Output the whole listing exactly, with no pictures.
-----
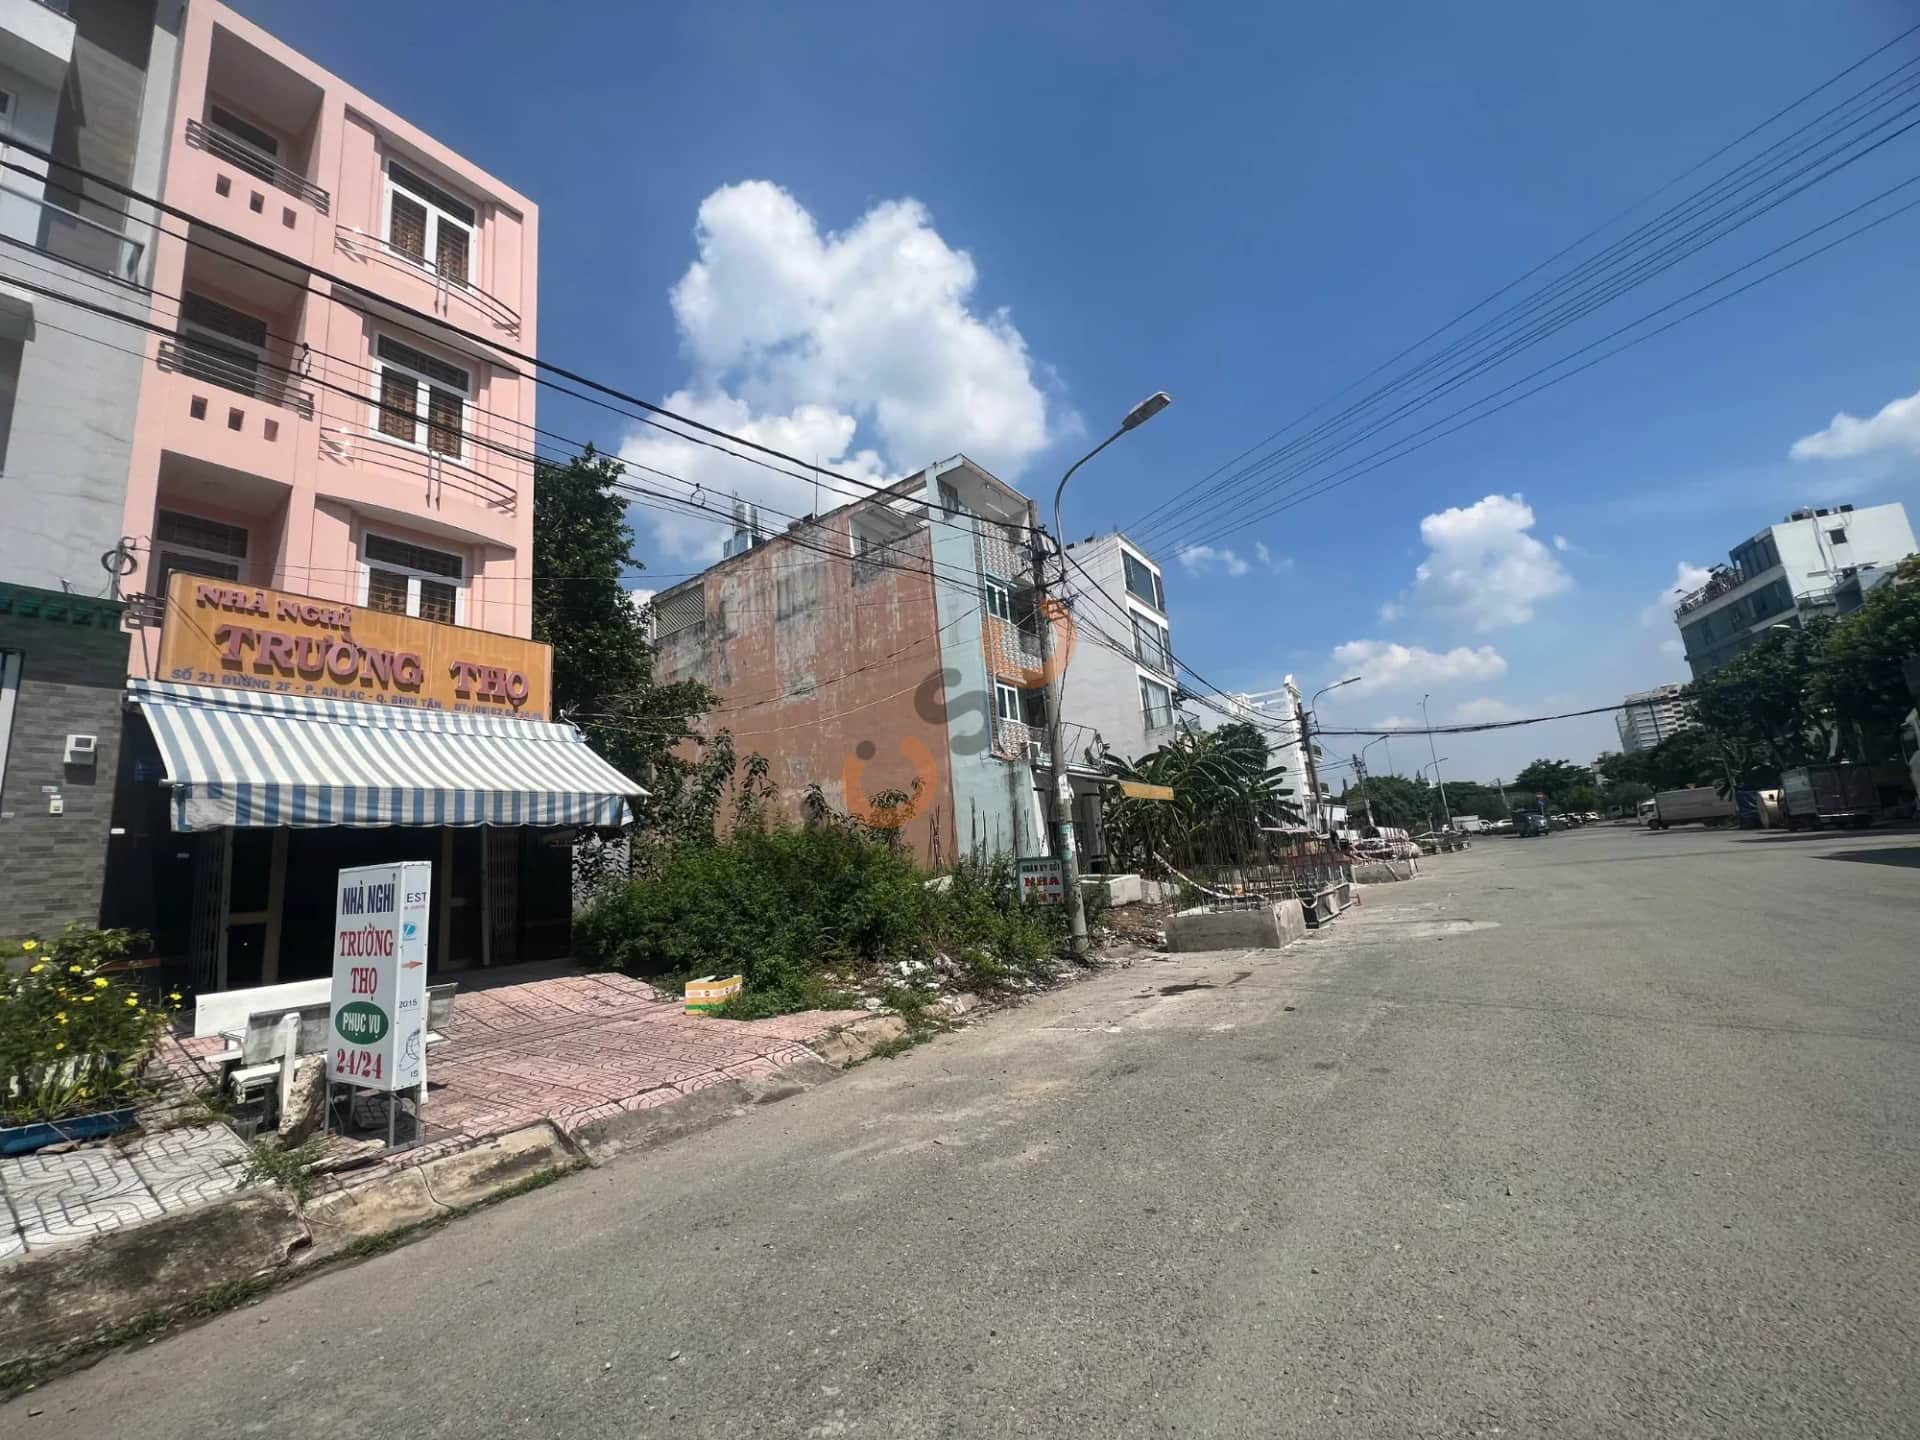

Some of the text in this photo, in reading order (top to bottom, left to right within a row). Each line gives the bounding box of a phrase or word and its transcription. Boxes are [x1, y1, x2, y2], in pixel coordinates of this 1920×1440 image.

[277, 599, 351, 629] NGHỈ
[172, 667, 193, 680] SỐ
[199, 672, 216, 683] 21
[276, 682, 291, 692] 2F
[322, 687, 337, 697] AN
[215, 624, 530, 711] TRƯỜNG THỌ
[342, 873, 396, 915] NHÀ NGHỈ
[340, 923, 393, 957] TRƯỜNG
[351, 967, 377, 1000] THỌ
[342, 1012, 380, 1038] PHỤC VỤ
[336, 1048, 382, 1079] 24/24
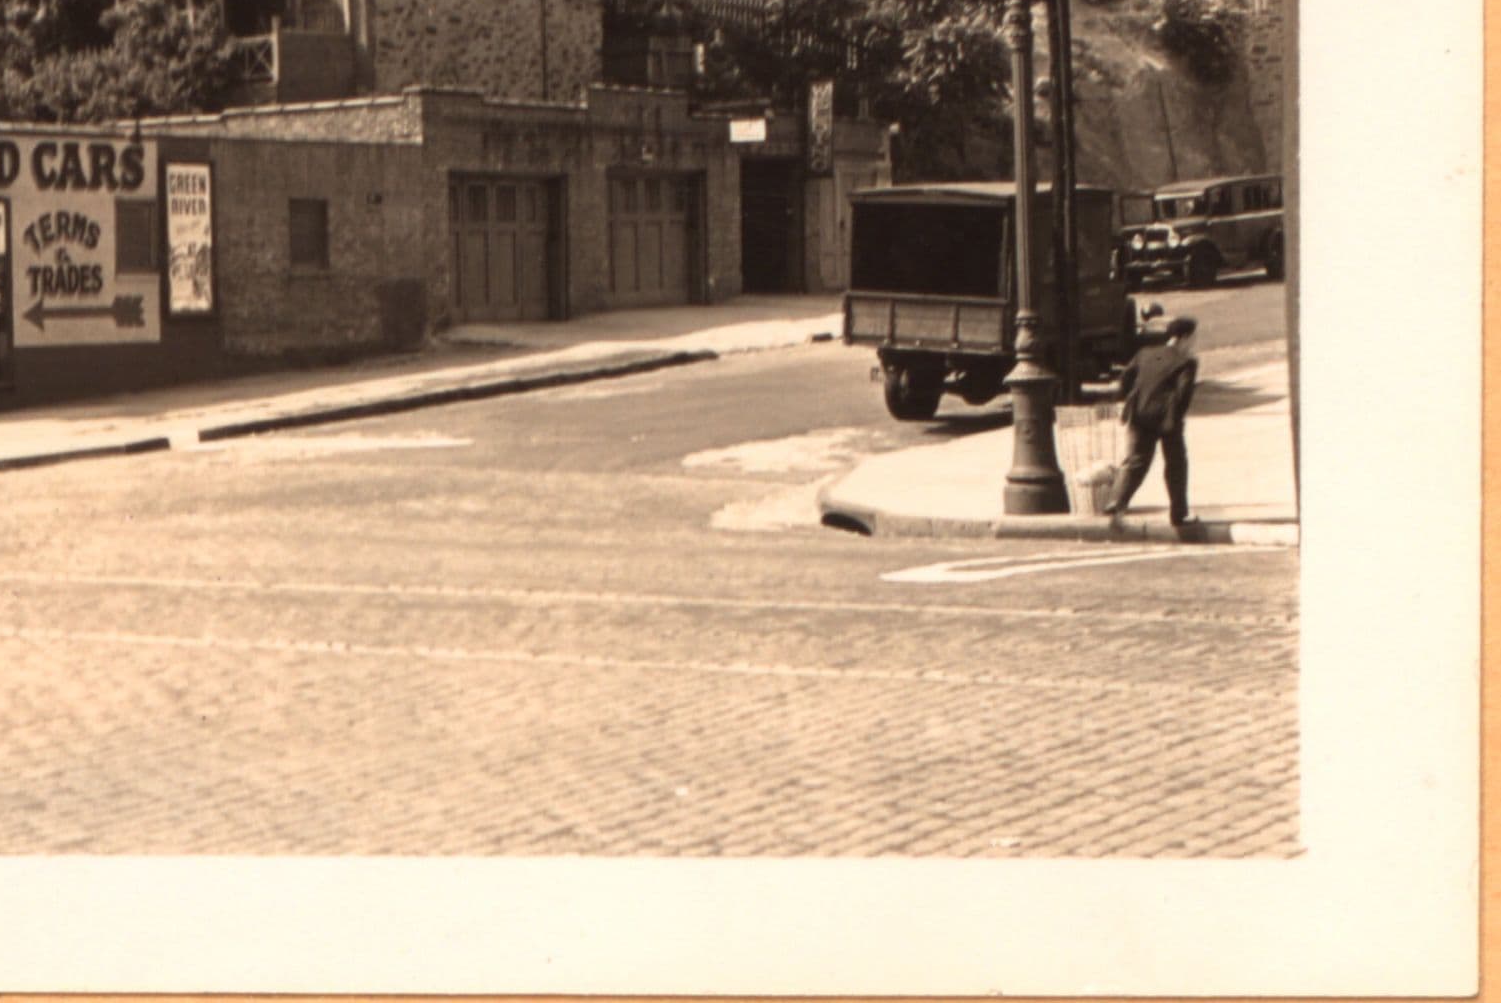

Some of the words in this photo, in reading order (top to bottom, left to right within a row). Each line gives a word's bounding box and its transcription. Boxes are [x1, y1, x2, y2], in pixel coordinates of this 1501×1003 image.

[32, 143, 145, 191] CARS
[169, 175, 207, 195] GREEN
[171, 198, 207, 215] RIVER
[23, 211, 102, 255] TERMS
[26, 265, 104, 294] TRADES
-----
» REPLY TO THE TASK:
Some of the text in this photo, in reading order (top to bottom, left to right within a row). Each line gives the bounding box of a phrase or word and its transcription. Boxes are [x1, y1, x2, y2], in pixel coordinates of this 1920×1440 image.

[277, 599, 351, 629] NGHỈ
[172, 667, 193, 680] SỐ
[199, 672, 216, 683] 21
[276, 682, 291, 692] 2F
[322, 687, 337, 697] AN
[215, 624, 530, 711] TRƯỜNG THỌ
[342, 873, 396, 915] NHÀ NGHỈ
[340, 923, 393, 957] TRƯỜNG
[351, 967, 377, 1000] THỌ
[342, 1012, 380, 1038] PHỤC VỤ
[336, 1048, 382, 1079] 24/24

Some of the words in this photo, in reading order (top to bottom, left to right within a row). Each line gives a word's bounding box and its transcription. Boxes are [x1, y1, x2, y2], in pixel coordinates of this 1501×1003 image.

[32, 143, 145, 191] CARS
[169, 175, 207, 195] GREEN
[171, 198, 207, 215] RIVER
[23, 211, 102, 255] TERMS
[26, 265, 104, 294] TRADES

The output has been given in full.